The increase in length of melt season for Arctic sea ice by several days each decade and an early start this season is allowing the Arctic Ocean to absorb additional solar radiation. This is resulting in melting of as much as four feet of the Arctic ice cap's thickness in some places.
Julienne Stroeve, a senior scientist at NSIDC, Boulder and lead author of the new study, said that the Arctic is warming and this is causing the melt season to last longer.
She said that the lengthening of the melt season is allowing for more of the sun's energy to get stored in the ocean and increase ice melt during the summer, overall weakening the sea ice cover.

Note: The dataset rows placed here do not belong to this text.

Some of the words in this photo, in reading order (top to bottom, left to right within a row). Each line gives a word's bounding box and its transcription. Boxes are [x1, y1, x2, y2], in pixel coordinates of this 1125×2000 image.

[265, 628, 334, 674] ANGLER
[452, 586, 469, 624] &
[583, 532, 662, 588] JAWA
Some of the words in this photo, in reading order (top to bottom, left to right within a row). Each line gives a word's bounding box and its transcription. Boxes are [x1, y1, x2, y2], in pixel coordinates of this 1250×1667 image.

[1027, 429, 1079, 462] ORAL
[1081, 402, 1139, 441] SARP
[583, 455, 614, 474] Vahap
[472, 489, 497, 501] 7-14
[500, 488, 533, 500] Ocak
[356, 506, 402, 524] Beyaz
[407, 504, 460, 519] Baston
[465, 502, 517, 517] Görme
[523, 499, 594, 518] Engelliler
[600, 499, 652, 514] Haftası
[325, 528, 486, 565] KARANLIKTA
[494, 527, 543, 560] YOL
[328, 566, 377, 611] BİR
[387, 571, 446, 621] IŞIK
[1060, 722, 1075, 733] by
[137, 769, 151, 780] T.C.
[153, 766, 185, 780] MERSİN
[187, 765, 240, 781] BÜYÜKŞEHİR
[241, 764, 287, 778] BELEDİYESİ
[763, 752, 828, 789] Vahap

To study the evolution of sea ice melt onset and freeze-up dates from 1979 to the present day, Stroeve's team used passive microwave data from NASA's Nimbus-7 Scanning Multichannel Microwave Radiometer, and the Special Sensor Microwave/Imager and the Special Sensor Microwave Imager and Sounder carried onboard Defense Meteorological Satellite Program spacecraft.
Results show that although the melt season is lengthening at both ends, with an earlier melt onset in the spring and a later freeze-up in the fall, the predominant phenomenon extending the melting is the later start of the freeze season.

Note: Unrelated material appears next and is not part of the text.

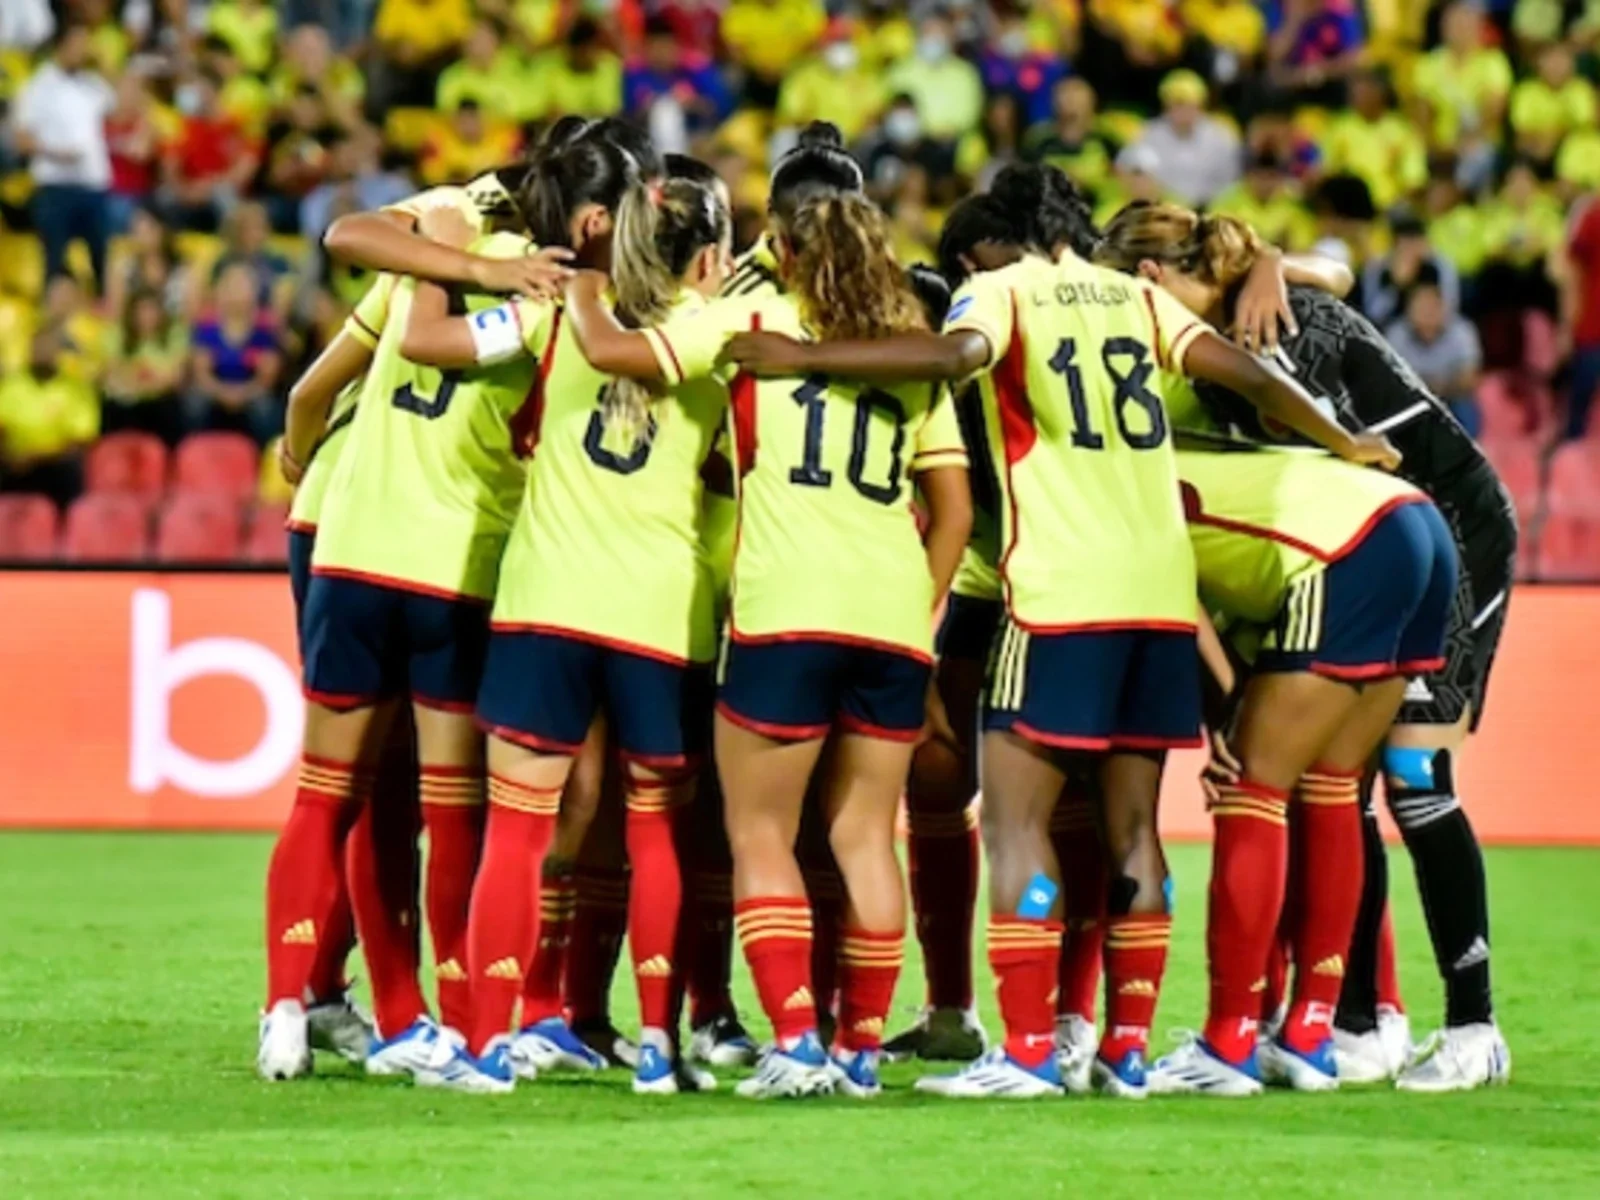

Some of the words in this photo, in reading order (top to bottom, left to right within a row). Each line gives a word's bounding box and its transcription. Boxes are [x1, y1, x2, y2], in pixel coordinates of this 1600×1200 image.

Some areas, such as the Beaufort and Chukchi Seas, are freezing up between six and 11 days later per decade. But while melt onset variations are smaller, the timing of the beginning of the melt season has a larger impact on the amount of solar radiation absorbed by the ocean, because its timing coincides with when the sun is higher and brighter in the Arctic sky.
The study has been accepted for publication in Geophysical Research Letters.